Water: Yuca is one of the most drought tolerant crops in existence. Once it is established, you should not need to water at all to keep it alive. In very dry years, it will not grow much without irrigation, but with plenty of water, it may just grow stems and leaves, and neglect growing roots.

Sun: full.

Cold: Yuca will freeze back in the winter, but almost always comes back in the spring. Freezing will make the stems unusable for propagation.

Propagation: Propagation is by stem cuttings. Pieces of stem (the thicker the better) about 8 inches long, are stuck ½ -¾ of the way into loosened soil. They will root in and grow without additional care. We do this in individual pots and keep them in the greenhouse, because freezing will kill new plants. Alternately, you can cut up one of your plants in August to plant next year’s field. The plants should become well enough established by winter to come back up in the spring. Cut stems will last a long time in storage provided they do not dry out.
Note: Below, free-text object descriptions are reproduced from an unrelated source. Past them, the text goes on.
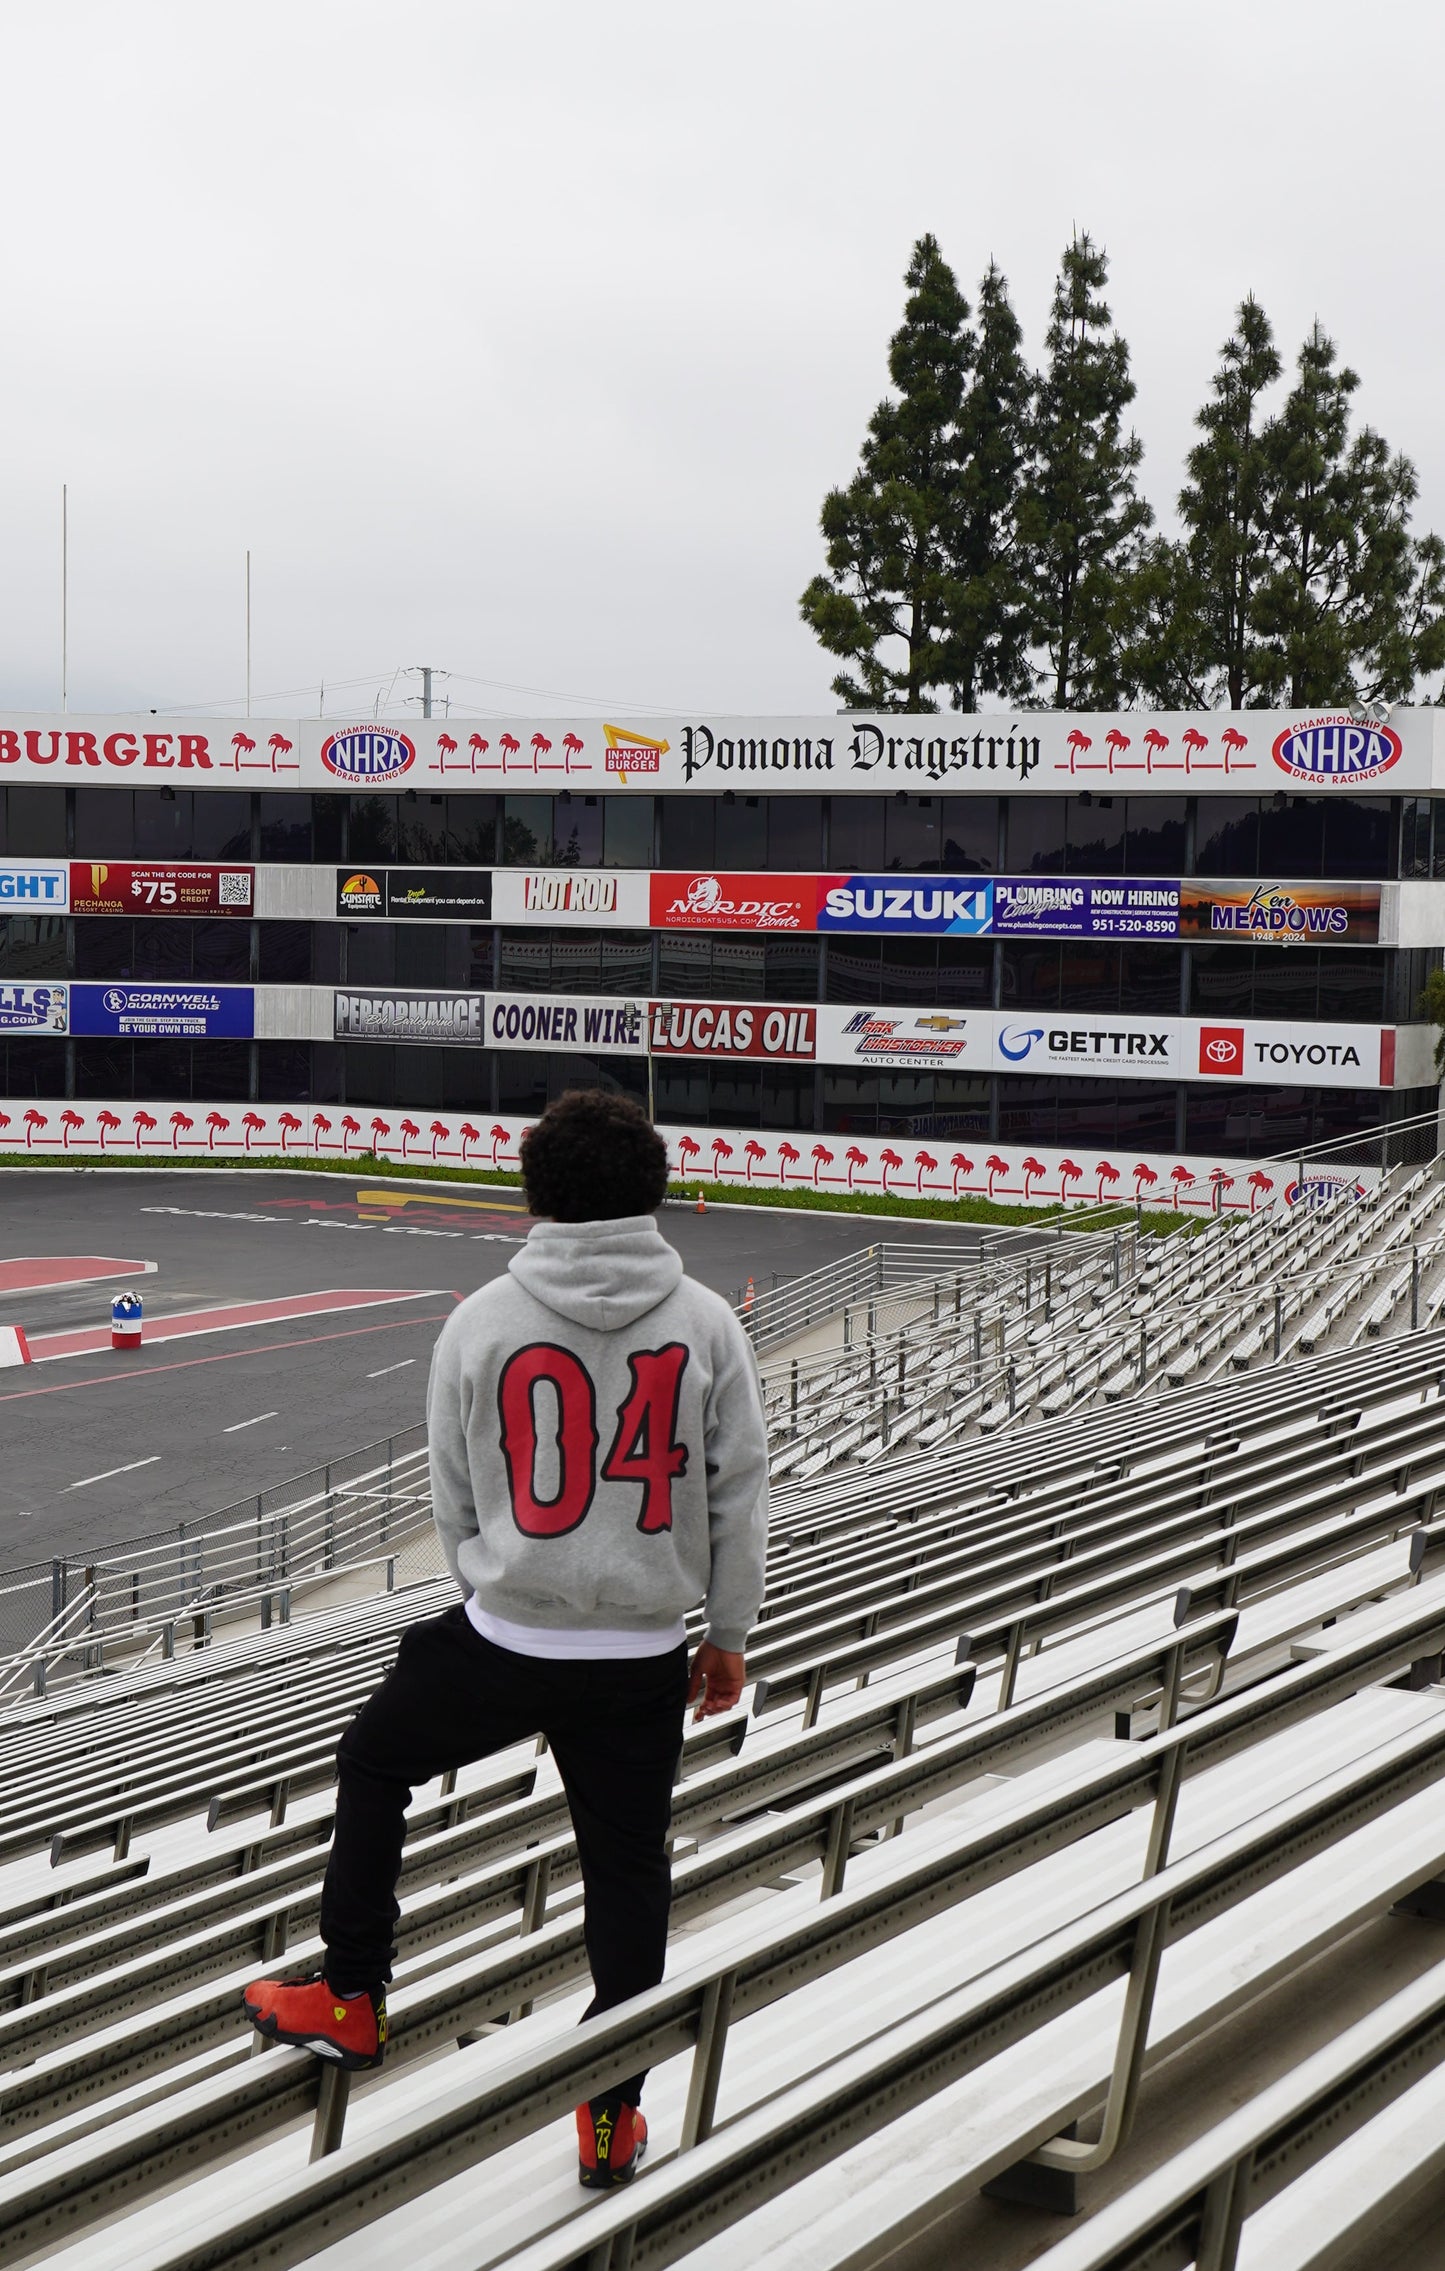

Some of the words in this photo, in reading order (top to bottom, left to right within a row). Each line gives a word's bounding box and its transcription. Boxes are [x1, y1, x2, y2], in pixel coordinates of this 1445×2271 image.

[335, 725, 400, 739] CHAMPIONSHIP
[1292, 716, 1381, 733] CHAMPIONSHIP
[0, 730, 214, 768] BURGER
[336, 735, 403, 772] NHRA
[680, 725, 836, 784] Pomona
[847, 723, 1041, 781] Dragstrip
[1292, 728, 1384, 772] NHRA
[608, 760, 656, 770] BURGER
[337, 769, 360, 783] DRAG
[365, 769, 399, 783] RACING
[1292, 769, 1325, 784] DRAG
[1332, 769, 1377, 784] RACING
[131, 880, 177, 904] $75
[340, 893, 382, 905] SUNSTATE
[527, 876, 572, 911] HOT
[570, 876, 616, 912] ROD
[995, 886, 1084, 905] PLUMBING
[1090, 889, 1125, 905] NOW
[1127, 890, 1179, 906] HIRING
[1246, 885, 1293, 911] Ken
[74, 900, 123, 908] PECHANGA
[666, 900, 794, 916] NORDIC
[825, 888, 986, 920] SUZUKI
[1002, 897, 1063, 920] Concepts
[756, 914, 800, 928] Boats
[997, 922, 1083, 931] www.plumbingconcepts.com
[1092, 919, 1176, 933] 951-520-8590
[1211, 905, 1348, 933] MEADOWS
[1251, 932, 1274, 941] 1948
[1282, 933, 1306, 942] 2024
[127, 1002, 177, 1010] QUALITY
[182, 1003, 220, 1011] TOOLS
[128, 993, 219, 1004] CORNWELL
[336, 994, 481, 1036] PERFORMANCE
[365, 1014, 389, 1025] Bob
[493, 1004, 577, 1042] COONER
[584, 1008, 642, 1044] WIRE
[119, 1024, 131, 1033] BE
[133, 1024, 157, 1033] YOUR
[158, 1025, 181, 1034] OWN
[183, 1025, 207, 1034] BOSS
[652, 1007, 754, 1050] LUCAS
[763, 1011, 814, 1052] OIL
[1048, 1030, 1169, 1056] GETTRX
[861, 1056, 894, 1065] AUTO
[899, 1058, 944, 1066] CENTER
[1254, 1043, 1360, 1066] TOYOTA
[140, 1206, 294, 1222] Quality
[298, 1218, 377, 1230] You
[382, 1226, 465, 1238] Can
[497, 1341, 690, 1540] 04
[596, 2128, 611, 2159] 23
Pests: Spider mites, mealybugs, and deer can badly damage your crop. Spider mites and mealybugs can be reduced by being careful not to over-fertilize – especially late in the season. They can also be controlled by thorough sprayings of neem oil insecticide. Spider mites can usually be controlled with soap spray at double the recommended concentration. I recommend “insecticidal soap” over dish soap, as it uses potassium instead of sodium as the positive ion, making it healthy for plants.

Harvesting: Harvest of yuca is during the dormant season, usually from December through March. I carefully excavate around the roots, and clip them off the central knot of roots. The middle of the plant can be replanted and harvested again the next year. The plant should be left intact until it will be used, as the roots spoil very quickly after harvest.

Preparation: Our variety is a low-cyanide variety. Others, called cassava and manioc, require more preparation to make edible. Yuca should be peeled before cooking, and is often chopped and then boiled for 20 minutes in salt water before pan or deep frying. It can be fried or baked without pre-boiling. It goes well with strongly flavored things like lime, garlic, salt, onions, tomatoes, or dipped in garlic sauce or added to soups.